Task -
The records appear below. Copy each one exactly.
- - -
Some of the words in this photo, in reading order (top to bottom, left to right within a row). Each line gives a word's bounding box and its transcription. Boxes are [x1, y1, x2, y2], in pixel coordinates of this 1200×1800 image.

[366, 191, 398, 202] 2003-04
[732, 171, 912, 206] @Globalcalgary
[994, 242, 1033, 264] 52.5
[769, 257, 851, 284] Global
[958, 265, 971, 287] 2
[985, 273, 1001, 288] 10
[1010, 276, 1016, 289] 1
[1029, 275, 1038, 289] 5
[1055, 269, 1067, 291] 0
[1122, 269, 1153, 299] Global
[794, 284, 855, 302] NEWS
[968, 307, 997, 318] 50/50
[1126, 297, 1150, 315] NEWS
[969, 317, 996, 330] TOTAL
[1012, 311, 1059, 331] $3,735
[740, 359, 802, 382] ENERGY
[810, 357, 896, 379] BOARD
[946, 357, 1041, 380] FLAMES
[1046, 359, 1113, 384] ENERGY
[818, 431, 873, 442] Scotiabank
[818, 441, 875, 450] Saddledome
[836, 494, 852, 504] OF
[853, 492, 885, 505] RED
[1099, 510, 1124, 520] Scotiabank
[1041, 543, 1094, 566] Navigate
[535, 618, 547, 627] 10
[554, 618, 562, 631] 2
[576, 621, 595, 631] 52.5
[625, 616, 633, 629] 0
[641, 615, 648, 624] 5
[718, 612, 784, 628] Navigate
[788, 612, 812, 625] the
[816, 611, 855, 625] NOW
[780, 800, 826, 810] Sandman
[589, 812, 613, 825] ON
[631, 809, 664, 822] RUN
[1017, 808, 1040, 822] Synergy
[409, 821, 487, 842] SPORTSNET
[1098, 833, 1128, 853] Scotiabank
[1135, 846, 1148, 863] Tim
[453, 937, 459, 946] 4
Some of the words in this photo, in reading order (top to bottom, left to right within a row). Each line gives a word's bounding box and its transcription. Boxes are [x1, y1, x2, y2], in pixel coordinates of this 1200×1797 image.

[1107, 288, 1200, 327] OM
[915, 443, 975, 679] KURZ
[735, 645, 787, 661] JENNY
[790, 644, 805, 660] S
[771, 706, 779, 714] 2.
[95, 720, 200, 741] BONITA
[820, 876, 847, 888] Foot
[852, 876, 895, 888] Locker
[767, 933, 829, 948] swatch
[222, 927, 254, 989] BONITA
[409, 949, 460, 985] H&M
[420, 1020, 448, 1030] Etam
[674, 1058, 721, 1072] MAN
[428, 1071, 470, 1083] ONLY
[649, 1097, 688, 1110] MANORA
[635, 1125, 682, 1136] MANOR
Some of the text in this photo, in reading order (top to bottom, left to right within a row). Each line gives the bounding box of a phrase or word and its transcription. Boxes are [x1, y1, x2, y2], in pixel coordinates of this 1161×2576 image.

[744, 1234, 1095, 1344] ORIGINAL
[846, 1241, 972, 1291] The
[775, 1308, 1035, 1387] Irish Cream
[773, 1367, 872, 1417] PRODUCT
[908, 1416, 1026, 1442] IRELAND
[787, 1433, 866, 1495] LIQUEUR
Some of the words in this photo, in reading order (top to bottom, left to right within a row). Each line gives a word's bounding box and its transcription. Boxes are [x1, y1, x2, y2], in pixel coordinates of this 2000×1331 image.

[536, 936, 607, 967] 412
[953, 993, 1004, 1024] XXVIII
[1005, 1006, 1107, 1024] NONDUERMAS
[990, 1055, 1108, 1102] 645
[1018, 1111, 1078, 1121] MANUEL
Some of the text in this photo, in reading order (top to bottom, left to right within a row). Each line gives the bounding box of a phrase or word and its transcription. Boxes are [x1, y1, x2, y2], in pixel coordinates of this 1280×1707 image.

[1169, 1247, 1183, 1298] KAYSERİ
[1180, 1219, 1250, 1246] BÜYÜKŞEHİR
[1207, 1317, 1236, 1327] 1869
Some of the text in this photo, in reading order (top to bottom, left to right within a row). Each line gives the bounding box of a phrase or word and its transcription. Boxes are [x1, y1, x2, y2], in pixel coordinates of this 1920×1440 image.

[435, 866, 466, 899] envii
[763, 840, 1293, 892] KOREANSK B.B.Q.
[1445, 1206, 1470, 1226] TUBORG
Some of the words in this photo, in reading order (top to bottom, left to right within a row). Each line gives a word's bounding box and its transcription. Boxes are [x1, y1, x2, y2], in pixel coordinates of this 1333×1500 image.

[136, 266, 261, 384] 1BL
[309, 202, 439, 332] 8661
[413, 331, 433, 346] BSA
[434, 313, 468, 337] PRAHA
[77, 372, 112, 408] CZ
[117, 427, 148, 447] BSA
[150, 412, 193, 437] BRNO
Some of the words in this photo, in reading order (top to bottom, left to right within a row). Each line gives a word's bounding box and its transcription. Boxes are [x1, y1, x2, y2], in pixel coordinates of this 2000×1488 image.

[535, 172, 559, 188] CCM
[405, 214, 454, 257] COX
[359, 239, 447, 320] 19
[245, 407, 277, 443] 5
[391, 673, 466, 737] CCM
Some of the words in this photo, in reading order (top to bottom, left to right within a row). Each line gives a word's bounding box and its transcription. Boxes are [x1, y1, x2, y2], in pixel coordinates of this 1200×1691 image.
- - -
Written answer -
Some of the words in this photo, in reading order (top to bottom, left to right within a row). Each line gives a word's bounding box and its transcription. Boxes are [x1, y1, x2, y2], in pixel coordinates of this 1200×1800 image.

[366, 191, 398, 202] 2003-04
[732, 171, 912, 206] @Globalcalgary
[994, 242, 1033, 264] 52.5
[769, 257, 851, 284] Global
[958, 265, 971, 287] 2
[985, 273, 1001, 288] 10
[1010, 276, 1016, 289] 1
[1029, 275, 1038, 289] 5
[1055, 269, 1067, 291] 0
[1122, 269, 1153, 299] Global
[794, 284, 855, 302] NEWS
[968, 307, 997, 318] 50/50
[1126, 297, 1150, 315] NEWS
[969, 317, 996, 330] TOTAL
[1012, 311, 1059, 331] $3,735
[740, 359, 802, 382] ENERGY
[810, 357, 896, 379] BOARD
[946, 357, 1041, 380] FLAMES
[1046, 359, 1113, 384] ENERGY
[818, 431, 873, 442] Scotiabank
[818, 441, 875, 450] Saddledome
[836, 494, 852, 504] OF
[853, 492, 885, 505] RED
[1099, 510, 1124, 520] Scotiabank
[1041, 543, 1094, 566] Navigate
[535, 618, 547, 627] 10
[554, 618, 562, 631] 2
[576, 621, 595, 631] 52.5
[625, 616, 633, 629] 0
[641, 615, 648, 624] 5
[718, 612, 784, 628] Navigate
[788, 612, 812, 625] the
[816, 611, 855, 625] NOW
[780, 800, 826, 810] Sandman
[589, 812, 613, 825] ON
[631, 809, 664, 822] RUN
[1017, 808, 1040, 822] Synergy
[409, 821, 487, 842] SPORTSNET
[1098, 833, 1128, 853] Scotiabank
[1135, 846, 1148, 863] Tim
[453, 937, 459, 946] 4
Some of the words in this photo, in reading order (top to bottom, left to right within a row). Each line gives a word's bounding box and its transcription. Boxes are [x1, y1, x2, y2], in pixel coordinates of this 1200×1797 image.

[1107, 288, 1200, 327] OM
[915, 443, 975, 679] KURZ
[735, 645, 787, 661] JENNY
[790, 644, 805, 660] S
[771, 706, 779, 714] 2.
[95, 720, 200, 741] BONITA
[820, 876, 847, 888] Foot
[852, 876, 895, 888] Locker
[767, 933, 829, 948] swatch
[222, 927, 254, 989] BONITA
[409, 949, 460, 985] H&M
[420, 1020, 448, 1030] Etam
[674, 1058, 721, 1072] MAN
[428, 1071, 470, 1083] ONLY
[649, 1097, 688, 1110] MANORA
[635, 1125, 682, 1136] MANOR
Some of the text in this photo, in reading order (top to bottom, left to right within a row). Each line gives the bounding box of a phrase or word and its transcription. Boxes are [x1, y1, x2, y2], in pixel coordinates of this 1161×2576 image.

[744, 1234, 1095, 1344] ORIGINAL
[846, 1241, 972, 1291] The
[775, 1308, 1035, 1387] Irish Cream
[773, 1367, 872, 1417] PRODUCT
[908, 1416, 1026, 1442] IRELAND
[787, 1433, 866, 1495] LIQUEUR
Some of the words in this photo, in reading order (top to bottom, left to right within a row). Each line gives a word's bounding box and its transcription. Boxes are [x1, y1, x2, y2], in pixel coordinates of this 2000×1331 image.

[536, 936, 607, 967] 412
[953, 993, 1004, 1024] XXVIII
[1005, 1006, 1107, 1024] NONDUERMAS
[990, 1055, 1108, 1102] 645
[1018, 1111, 1078, 1121] MANUEL
Some of the text in this photo, in reading order (top to bottom, left to right within a row). Each line gives the bounding box of a phrase or word and its transcription. Boxes are [x1, y1, x2, y2], in pixel coordinates of this 1280×1707 image.

[1169, 1247, 1183, 1298] KAYSERİ
[1180, 1219, 1250, 1246] BÜYÜKŞEHİR
[1207, 1317, 1236, 1327] 1869
Some of the text in this photo, in reading order (top to bottom, left to right within a row). Each line gives the bounding box of a phrase or word and its transcription. Boxes are [x1, y1, x2, y2], in pixel coordinates of this 1920×1440 image.

[435, 866, 466, 899] envii
[763, 840, 1293, 892] KOREANSK B.B.Q.
[1445, 1206, 1470, 1226] TUBORG
Some of the words in this photo, in reading order (top to bottom, left to right within a row). Each line gives a word's bounding box and its transcription. Boxes are [x1, y1, x2, y2], in pixel coordinates of this 1333×1500 image.

[136, 266, 261, 384] 1BL
[309, 202, 439, 332] 8661
[413, 331, 433, 346] BSA
[434, 313, 468, 337] PRAHA
[77, 372, 112, 408] CZ
[117, 427, 148, 447] BSA
[150, 412, 193, 437] BRNO
Some of the words in this photo, in reading order (top to bottom, left to right within a row). Each line gives a word's bounding box and its transcription. Boxes are [x1, y1, x2, y2], in pixel coordinates of this 2000×1488 image.

[535, 172, 559, 188] CCM
[405, 214, 454, 257] COX
[359, 239, 447, 320] 19
[245, 407, 277, 443] 5
[391, 673, 466, 737] CCM
Some of the words in this photo, in reading order (top to bottom, left to right within a row). Each line gives a word's bounding box and its transcription. Boxes are [x1, y1, x2, y2], in pixel coordinates of this 1200×1691 image.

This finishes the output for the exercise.